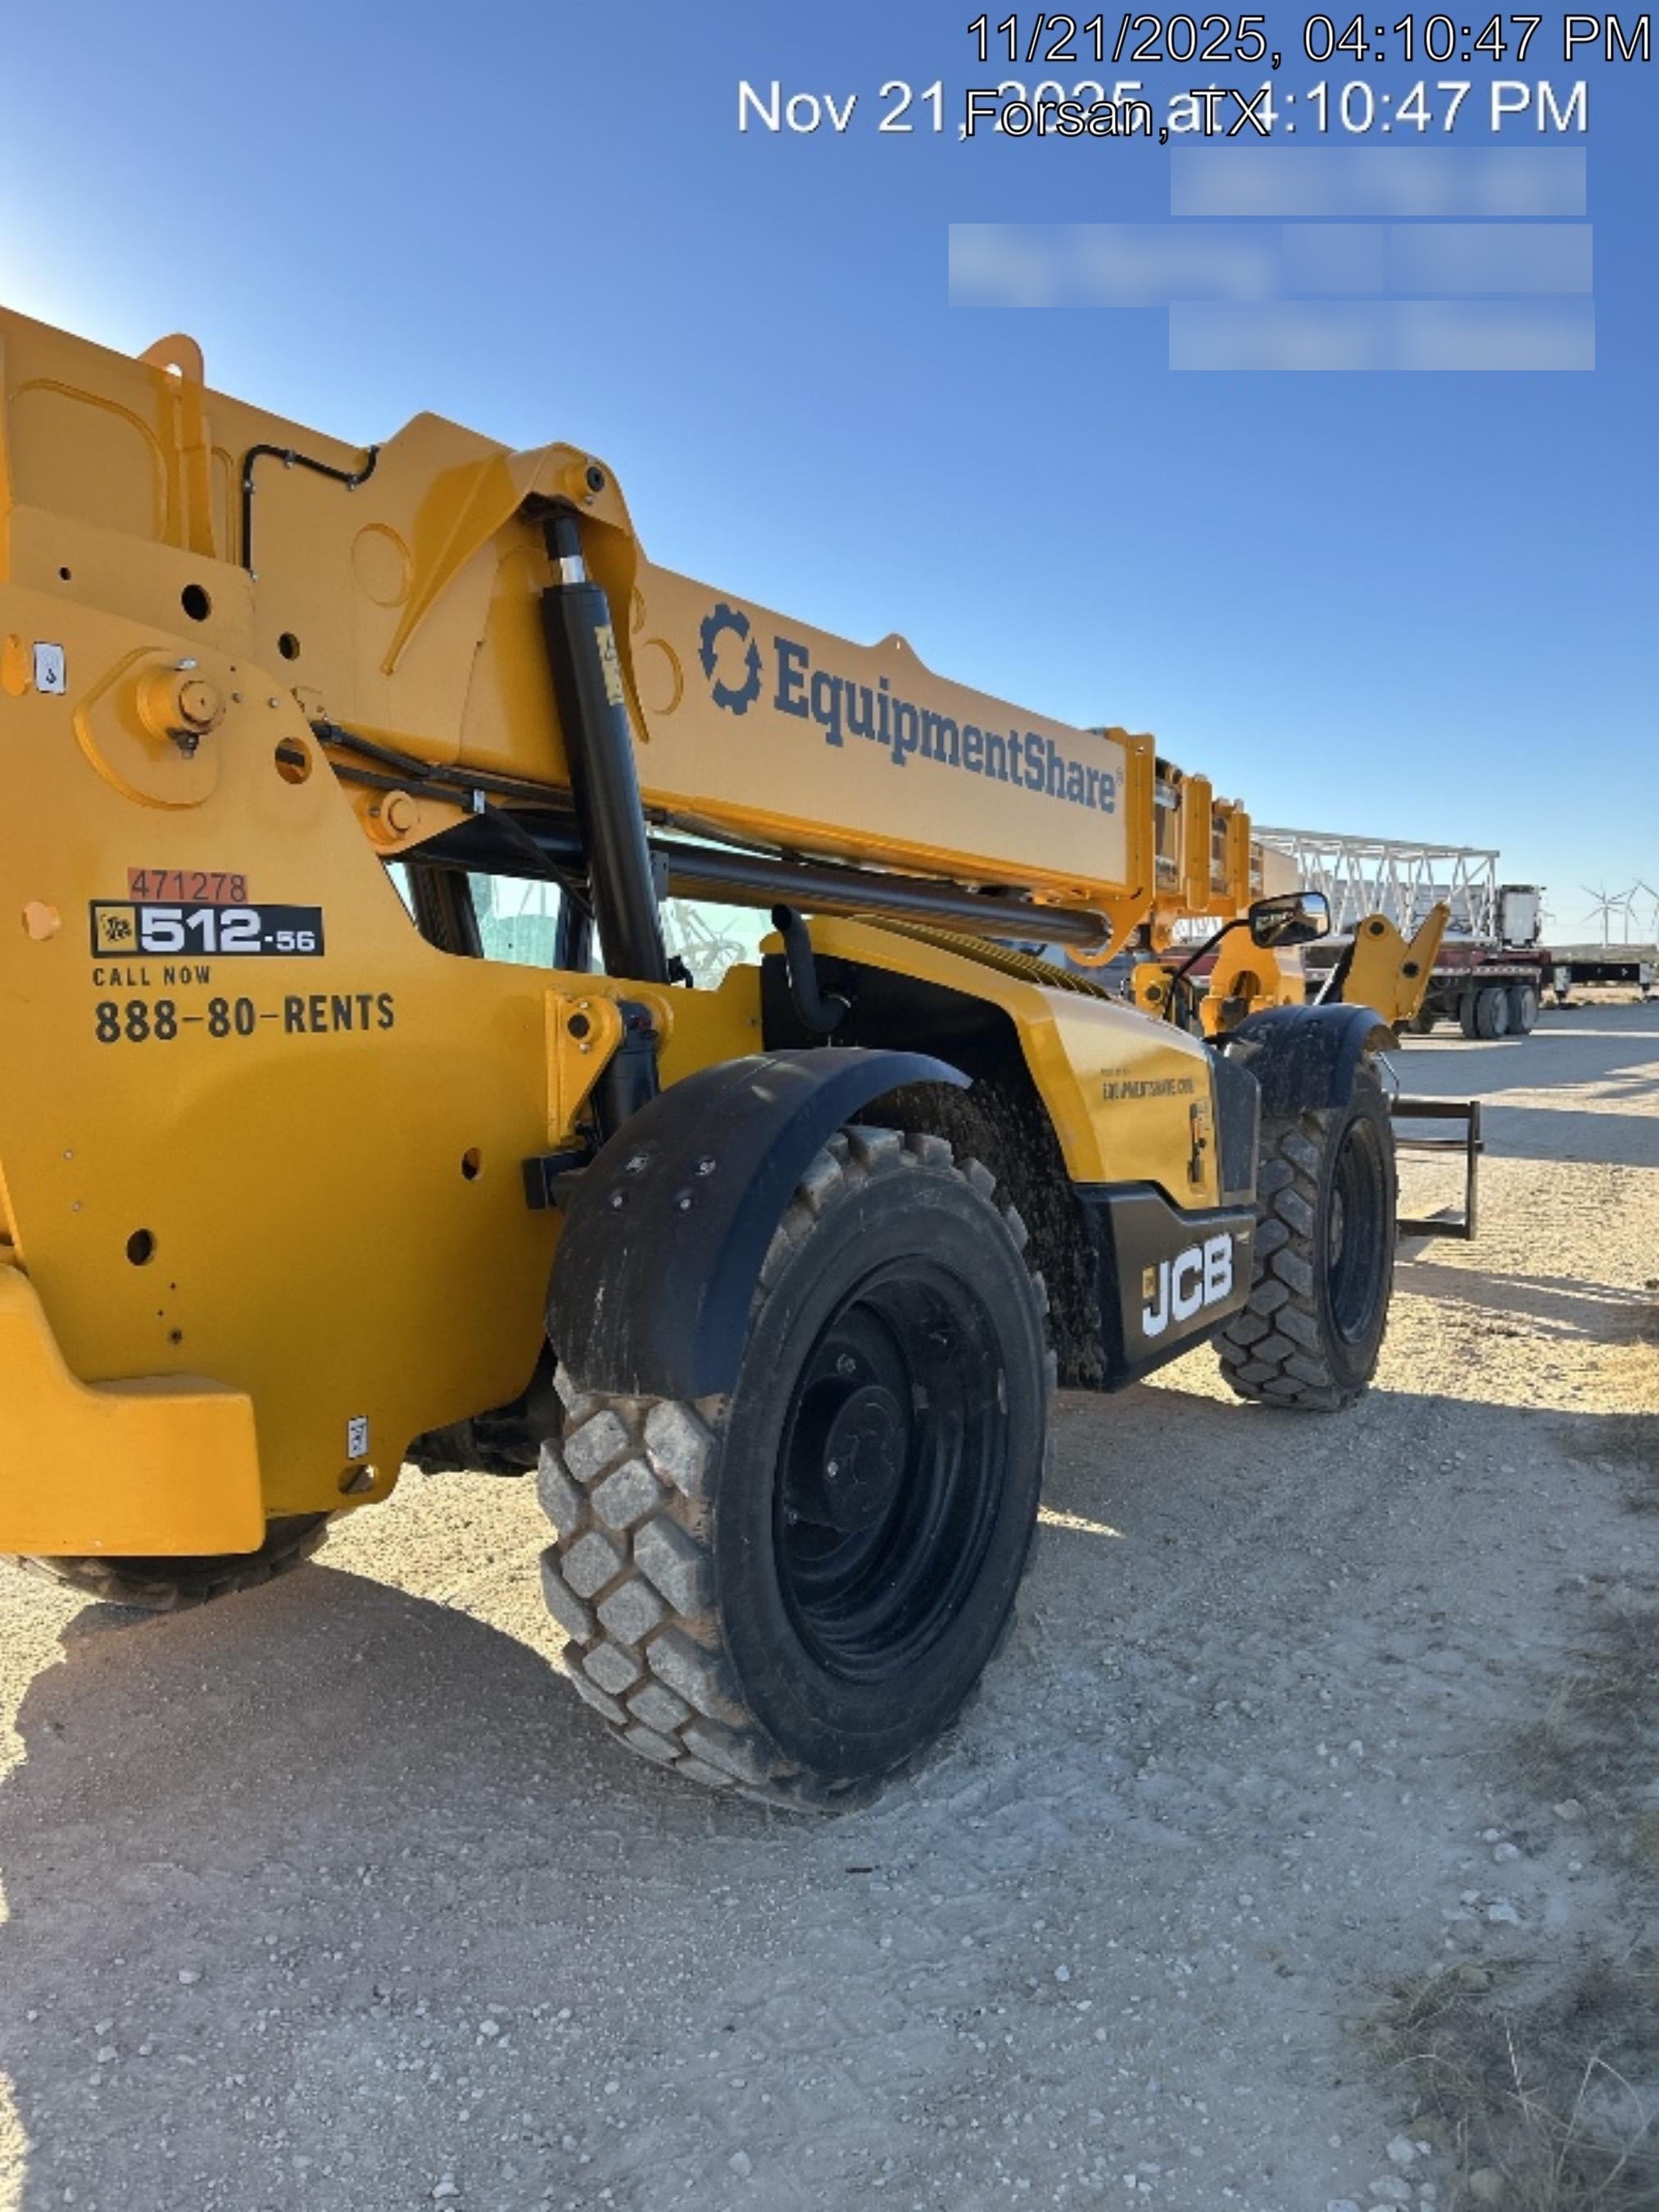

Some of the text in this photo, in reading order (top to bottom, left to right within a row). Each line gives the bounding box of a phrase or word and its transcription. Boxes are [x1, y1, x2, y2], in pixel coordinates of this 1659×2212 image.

[773, 635, 1117, 814] EquipmentShare
[131, 870, 246, 901] 471278
[93, 965, 211, 987] CALL NOW
[95, 992, 395, 1044] 888-80-RENTS
[1142, 1232, 1233, 1338] JCB

# EXERCISE AIM:
Each line above should be written out again exactly, and no picture should appear in the copy.

# TASK ANSWER:
Some of the text in this photo, in reading order (top to bottom, left to right within a row). Each line gives the bounding box of a phrase or word and its transcription. Boxes are [x1, y1, x2, y2], in pixel coordinates of this 1659×2212 image.

[773, 635, 1117, 814] EquipmentShare
[131, 870, 246, 901] 471278
[93, 965, 211, 987] CALL NOW
[95, 992, 395, 1044] 888-80-RENTS
[1142, 1232, 1233, 1338] JCB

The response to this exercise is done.